Background information
- Born: February 1, 1973 (age 53) New York, U.S.
- Genres: Jazz, electronica, jazz fusion, Latin, worldbeat
- Occupations: Musician, composer, arranger, producer
- Instruments: Piano, keyboards, synthesizer
- Years active: Mid-1990s–present
- Label: Now Vs Now
- Website: www.jasonlindner.com www.nowvsnow.com

= Jason Lindner =

American musician (born 1973)

Jason Lindner (born February 1, 1973) is an American pianist, keyboardist, synthesist, sound designer, composer, arranger and producer.

==Life and career==
Lindner was brought up in Brooklyn, New York City. His father played the piano and sang, and Jason began playing the piano at the age of 2. As a child, he liked heavy metal, then bebop and blues as a teenager. He attended the Fiorello H. LaGuardia High School of Music & Art and Performing Arts.

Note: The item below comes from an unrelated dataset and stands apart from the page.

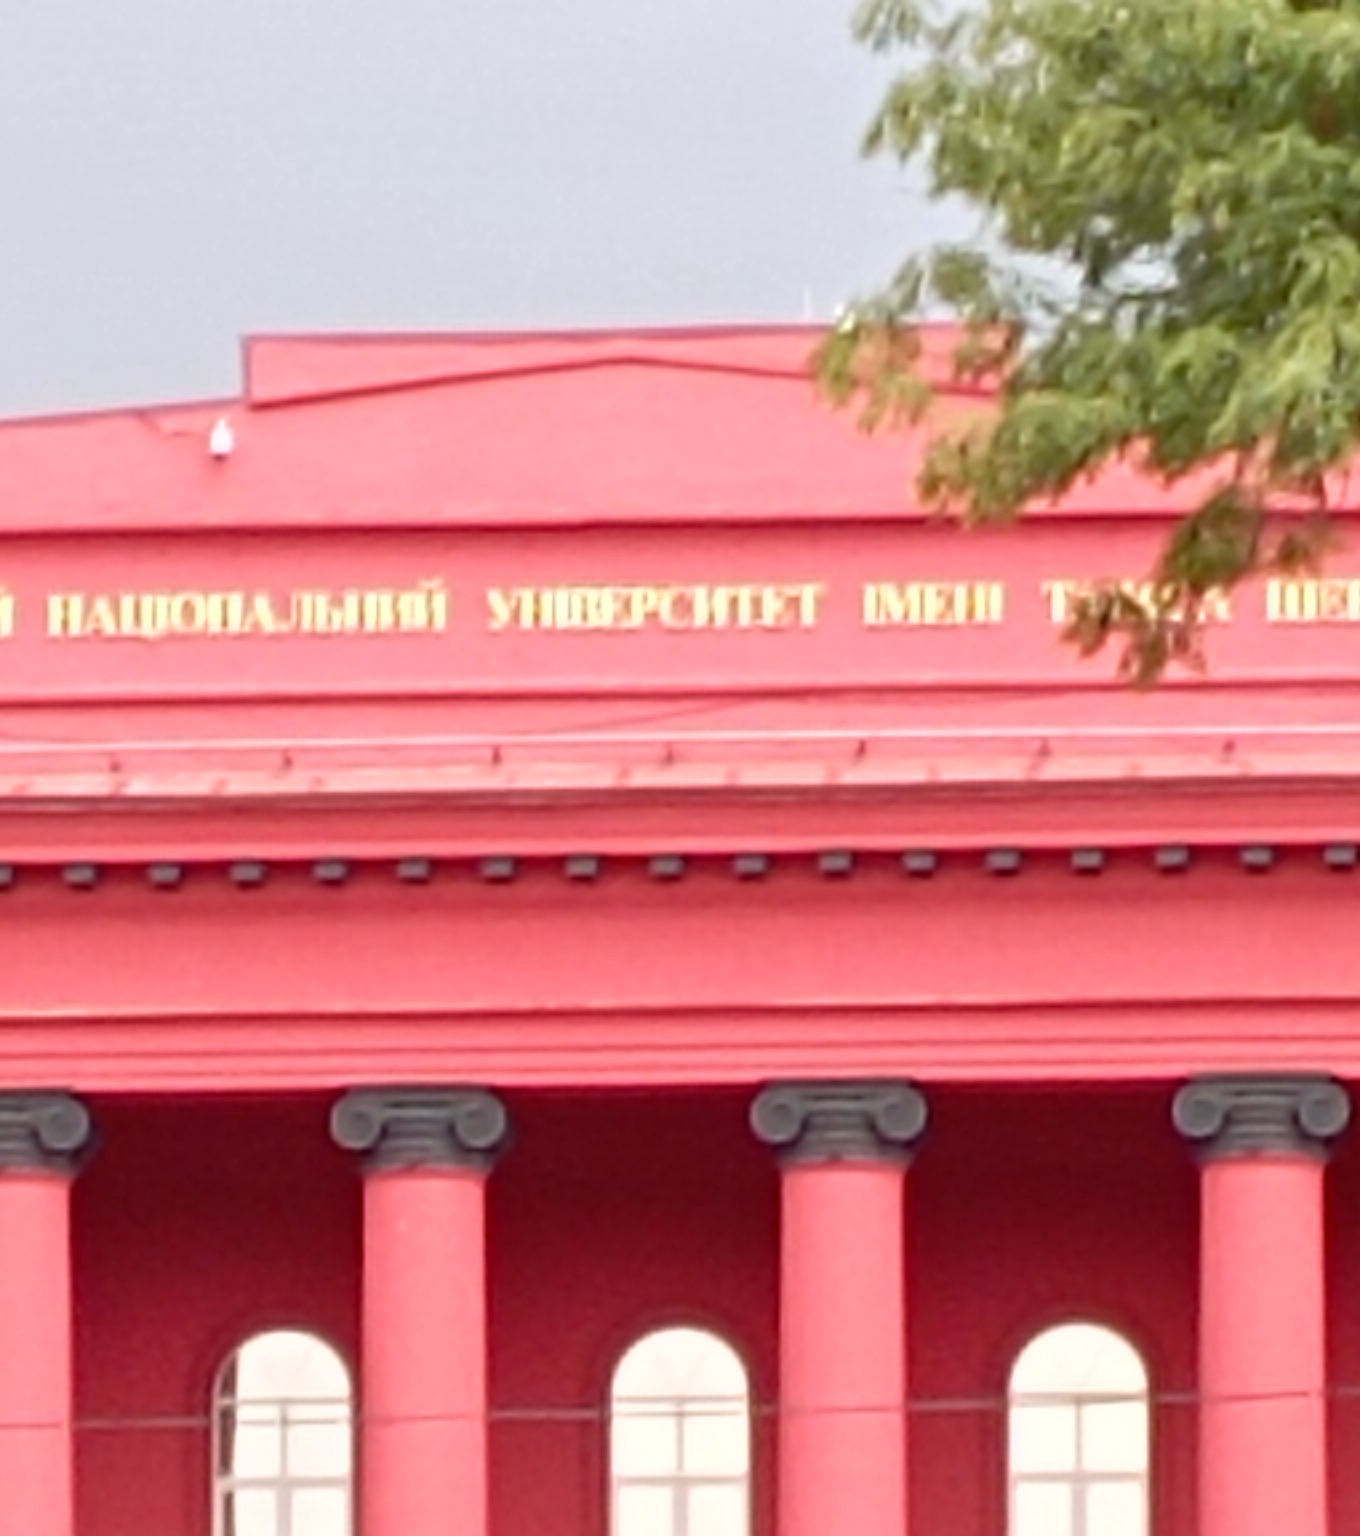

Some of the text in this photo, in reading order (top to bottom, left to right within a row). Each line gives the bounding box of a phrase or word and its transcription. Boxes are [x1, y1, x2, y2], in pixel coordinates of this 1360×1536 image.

[46, 577, 447, 638] НАЦІОНАЛЬНИЙ
[486, 582, 825, 630] УНІВЕРСИТЕТ
[862, 580, 1004, 626] ІМЕНІ

Lindner "made his mark during the 1990s", in part as leader of a big band that played at Smalls Jazz Club in New York City. He was also the club's house pianist around the time it opened in 1994. This band recorded the album Premonition in 1998 and it was released in 2000, by which time Lindner had changed to leading a quintet. He performed and arranged for vocalist Claudia Acuña's first album, Wind from the South.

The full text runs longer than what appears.